▸ WHAT YOU ARE ASKED TO DO
If a record holds a picture, please leave the picture out and copy the rest of the record exactly.

▸ DATA FOR THIS TASK
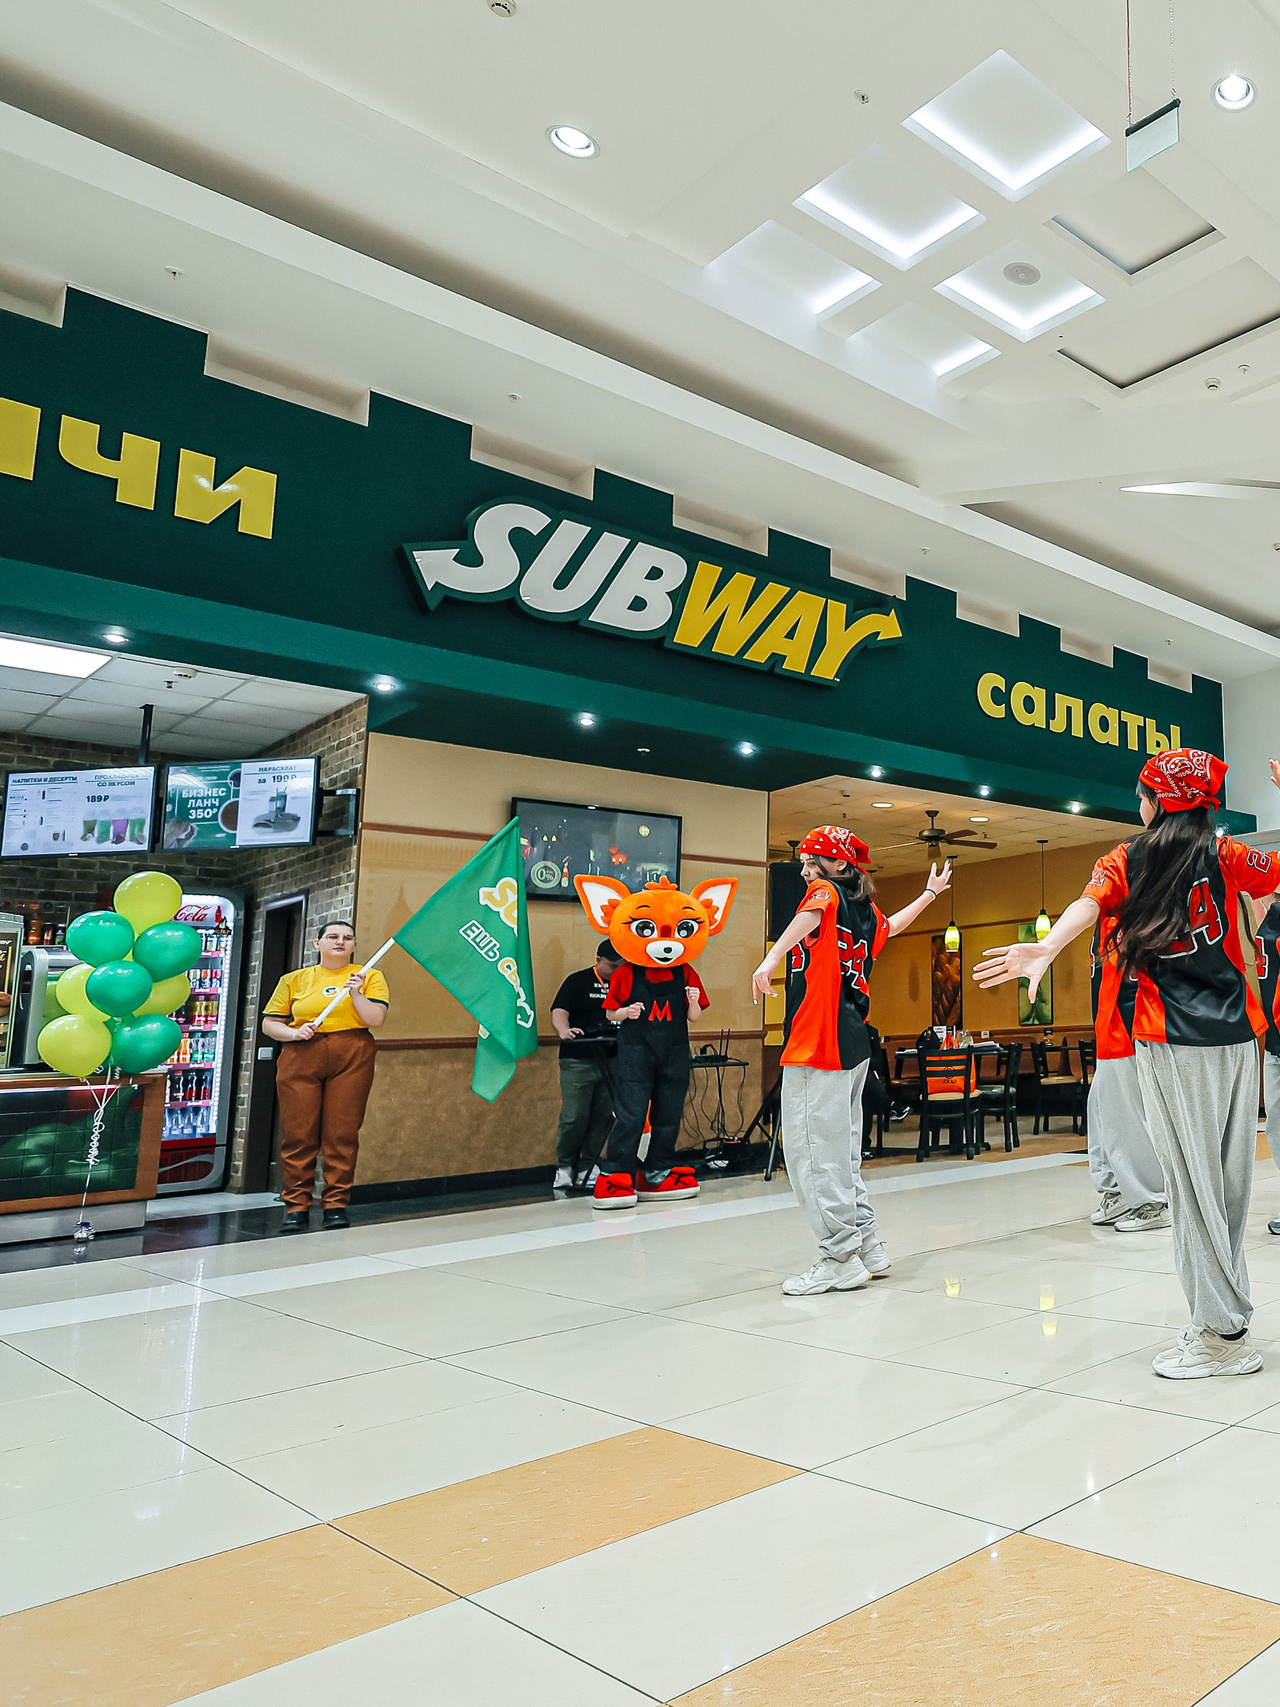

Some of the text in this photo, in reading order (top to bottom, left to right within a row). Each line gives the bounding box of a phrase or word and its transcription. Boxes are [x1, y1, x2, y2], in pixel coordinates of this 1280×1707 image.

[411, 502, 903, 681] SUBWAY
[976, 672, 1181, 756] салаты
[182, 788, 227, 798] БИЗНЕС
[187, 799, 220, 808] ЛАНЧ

▸ REPLY TO THE EXERCISE
Some of the text in this photo, in reading order (top to bottom, left to right within a row). Each line gives the bounding box of a phrase or word and its transcription. Boxes are [x1, y1, x2, y2], in pixel coordinates of this 1280×1707 image.

[411, 502, 903, 681] SUBWAY
[976, 672, 1181, 756] салаты
[182, 788, 227, 798] БИЗНЕС
[187, 799, 220, 808] ЛАНЧ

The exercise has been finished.